**Work instruction:**
Beginning at the line that contains "this 1920×1080 image.", transcribe the remaining lines of the listing exactly; include the final line and omit everything before.

**Data provided:**
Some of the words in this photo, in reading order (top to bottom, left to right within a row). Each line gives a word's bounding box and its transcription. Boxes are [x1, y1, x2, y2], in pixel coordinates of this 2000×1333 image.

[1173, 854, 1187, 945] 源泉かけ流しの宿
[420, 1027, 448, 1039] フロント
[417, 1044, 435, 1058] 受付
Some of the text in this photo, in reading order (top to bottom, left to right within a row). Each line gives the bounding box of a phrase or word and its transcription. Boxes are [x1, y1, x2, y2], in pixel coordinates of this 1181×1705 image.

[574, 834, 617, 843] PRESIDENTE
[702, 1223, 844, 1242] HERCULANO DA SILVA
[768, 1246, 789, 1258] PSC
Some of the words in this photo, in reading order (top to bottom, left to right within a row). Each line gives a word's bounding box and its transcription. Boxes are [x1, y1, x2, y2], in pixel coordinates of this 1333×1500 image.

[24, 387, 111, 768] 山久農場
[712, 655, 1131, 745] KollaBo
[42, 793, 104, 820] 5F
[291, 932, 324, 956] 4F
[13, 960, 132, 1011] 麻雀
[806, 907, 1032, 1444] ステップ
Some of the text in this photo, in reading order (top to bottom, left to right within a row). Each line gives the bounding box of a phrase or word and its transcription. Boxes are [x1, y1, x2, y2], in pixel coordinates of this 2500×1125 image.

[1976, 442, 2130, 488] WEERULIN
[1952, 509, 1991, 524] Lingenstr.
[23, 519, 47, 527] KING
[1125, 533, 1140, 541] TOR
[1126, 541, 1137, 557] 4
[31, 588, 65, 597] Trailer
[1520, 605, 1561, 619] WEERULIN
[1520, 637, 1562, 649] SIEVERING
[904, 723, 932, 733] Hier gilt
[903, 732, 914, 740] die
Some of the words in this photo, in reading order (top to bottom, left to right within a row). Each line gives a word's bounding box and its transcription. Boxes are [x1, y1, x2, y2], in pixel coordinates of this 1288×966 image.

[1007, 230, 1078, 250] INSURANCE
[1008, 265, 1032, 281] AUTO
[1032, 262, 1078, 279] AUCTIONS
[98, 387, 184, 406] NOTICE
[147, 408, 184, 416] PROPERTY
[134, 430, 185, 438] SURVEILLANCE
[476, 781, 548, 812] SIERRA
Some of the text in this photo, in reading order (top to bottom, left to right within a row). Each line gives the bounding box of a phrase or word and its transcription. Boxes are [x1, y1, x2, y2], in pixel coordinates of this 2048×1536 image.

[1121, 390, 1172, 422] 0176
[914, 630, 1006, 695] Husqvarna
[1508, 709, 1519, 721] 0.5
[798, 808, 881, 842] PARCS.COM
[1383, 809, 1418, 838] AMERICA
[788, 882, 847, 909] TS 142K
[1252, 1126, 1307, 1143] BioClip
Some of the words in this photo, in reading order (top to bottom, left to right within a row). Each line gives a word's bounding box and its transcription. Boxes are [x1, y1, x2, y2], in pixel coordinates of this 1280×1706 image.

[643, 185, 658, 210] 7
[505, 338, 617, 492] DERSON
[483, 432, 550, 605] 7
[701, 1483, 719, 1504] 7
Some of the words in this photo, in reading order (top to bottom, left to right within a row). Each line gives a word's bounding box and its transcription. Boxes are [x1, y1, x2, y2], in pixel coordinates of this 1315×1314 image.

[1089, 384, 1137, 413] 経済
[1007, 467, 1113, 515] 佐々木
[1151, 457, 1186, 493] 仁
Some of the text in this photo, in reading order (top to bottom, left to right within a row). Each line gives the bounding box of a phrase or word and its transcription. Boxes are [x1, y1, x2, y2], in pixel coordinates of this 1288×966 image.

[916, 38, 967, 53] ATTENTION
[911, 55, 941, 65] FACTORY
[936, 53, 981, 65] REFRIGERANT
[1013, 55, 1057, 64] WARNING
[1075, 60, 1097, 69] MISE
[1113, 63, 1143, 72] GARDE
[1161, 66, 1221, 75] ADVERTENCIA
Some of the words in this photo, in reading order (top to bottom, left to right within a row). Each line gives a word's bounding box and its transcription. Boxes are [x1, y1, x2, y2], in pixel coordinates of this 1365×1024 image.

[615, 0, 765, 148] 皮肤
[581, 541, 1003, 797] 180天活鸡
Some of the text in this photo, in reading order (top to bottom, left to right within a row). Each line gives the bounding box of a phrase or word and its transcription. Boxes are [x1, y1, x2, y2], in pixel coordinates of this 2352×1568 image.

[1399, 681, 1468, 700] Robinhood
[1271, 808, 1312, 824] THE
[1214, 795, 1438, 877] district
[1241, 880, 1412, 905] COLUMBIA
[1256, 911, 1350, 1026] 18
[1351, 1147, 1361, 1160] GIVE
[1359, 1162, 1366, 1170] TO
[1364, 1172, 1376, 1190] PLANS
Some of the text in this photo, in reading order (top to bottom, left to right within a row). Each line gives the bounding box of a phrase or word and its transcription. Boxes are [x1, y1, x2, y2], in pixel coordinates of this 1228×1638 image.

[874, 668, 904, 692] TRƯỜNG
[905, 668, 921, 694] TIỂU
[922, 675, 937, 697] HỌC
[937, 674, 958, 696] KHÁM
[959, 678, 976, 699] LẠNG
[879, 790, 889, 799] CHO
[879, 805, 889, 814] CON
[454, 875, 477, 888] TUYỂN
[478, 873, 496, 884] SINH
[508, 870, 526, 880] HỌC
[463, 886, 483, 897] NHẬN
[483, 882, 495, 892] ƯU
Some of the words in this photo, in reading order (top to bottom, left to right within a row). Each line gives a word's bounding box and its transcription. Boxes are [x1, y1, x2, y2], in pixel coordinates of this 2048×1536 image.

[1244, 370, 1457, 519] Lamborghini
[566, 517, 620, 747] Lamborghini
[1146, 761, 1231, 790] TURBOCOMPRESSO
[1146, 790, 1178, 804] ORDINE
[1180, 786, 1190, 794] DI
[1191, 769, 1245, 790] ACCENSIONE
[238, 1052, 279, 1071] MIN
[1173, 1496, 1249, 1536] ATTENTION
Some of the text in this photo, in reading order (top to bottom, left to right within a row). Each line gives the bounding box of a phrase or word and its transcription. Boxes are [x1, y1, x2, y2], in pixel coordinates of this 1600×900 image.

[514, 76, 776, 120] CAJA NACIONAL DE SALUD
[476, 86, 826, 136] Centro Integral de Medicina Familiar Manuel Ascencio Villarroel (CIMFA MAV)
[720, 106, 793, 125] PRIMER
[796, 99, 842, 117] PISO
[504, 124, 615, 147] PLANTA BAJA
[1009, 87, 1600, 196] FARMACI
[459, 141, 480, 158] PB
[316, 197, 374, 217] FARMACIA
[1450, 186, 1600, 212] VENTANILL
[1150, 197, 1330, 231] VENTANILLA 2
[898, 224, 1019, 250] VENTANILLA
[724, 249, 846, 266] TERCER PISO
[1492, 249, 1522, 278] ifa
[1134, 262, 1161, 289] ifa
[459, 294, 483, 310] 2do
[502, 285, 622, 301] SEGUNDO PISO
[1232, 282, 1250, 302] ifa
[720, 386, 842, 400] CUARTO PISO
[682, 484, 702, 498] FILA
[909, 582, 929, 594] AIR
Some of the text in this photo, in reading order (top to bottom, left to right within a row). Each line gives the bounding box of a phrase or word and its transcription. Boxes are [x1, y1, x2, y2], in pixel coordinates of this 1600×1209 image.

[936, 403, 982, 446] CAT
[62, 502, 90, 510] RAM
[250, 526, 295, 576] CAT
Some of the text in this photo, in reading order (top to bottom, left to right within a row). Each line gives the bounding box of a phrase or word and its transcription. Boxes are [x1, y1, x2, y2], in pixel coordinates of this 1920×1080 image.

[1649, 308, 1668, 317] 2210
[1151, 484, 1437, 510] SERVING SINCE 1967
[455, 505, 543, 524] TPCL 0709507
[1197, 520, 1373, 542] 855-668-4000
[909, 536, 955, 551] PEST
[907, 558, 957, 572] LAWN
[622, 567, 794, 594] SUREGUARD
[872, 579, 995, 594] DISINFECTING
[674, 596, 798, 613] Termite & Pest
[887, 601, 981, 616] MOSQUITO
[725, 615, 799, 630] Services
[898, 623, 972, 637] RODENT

**Exercise output:**
Some of the text in this photo, in reading order (top to bottom, left to right within a row). Each line gives the bounding box of a phrase or word and its transcription. Boxes are [x1, y1, x2, y2], in pixel coordinates of this 1920×1080 image.

[1649, 308, 1668, 317] 2210
[1151, 484, 1437, 510] SERVING SINCE 1967
[455, 505, 543, 524] TPCL 0709507
[1197, 520, 1373, 542] 855-668-4000
[909, 536, 955, 551] PEST
[907, 558, 957, 572] LAWN
[622, 567, 794, 594] SUREGUARD
[872, 579, 995, 594] DISINFECTING
[674, 596, 798, 613] Termite & Pest
[887, 601, 981, 616] MOSQUITO
[725, 615, 799, 630] Services
[898, 623, 972, 637] RODENT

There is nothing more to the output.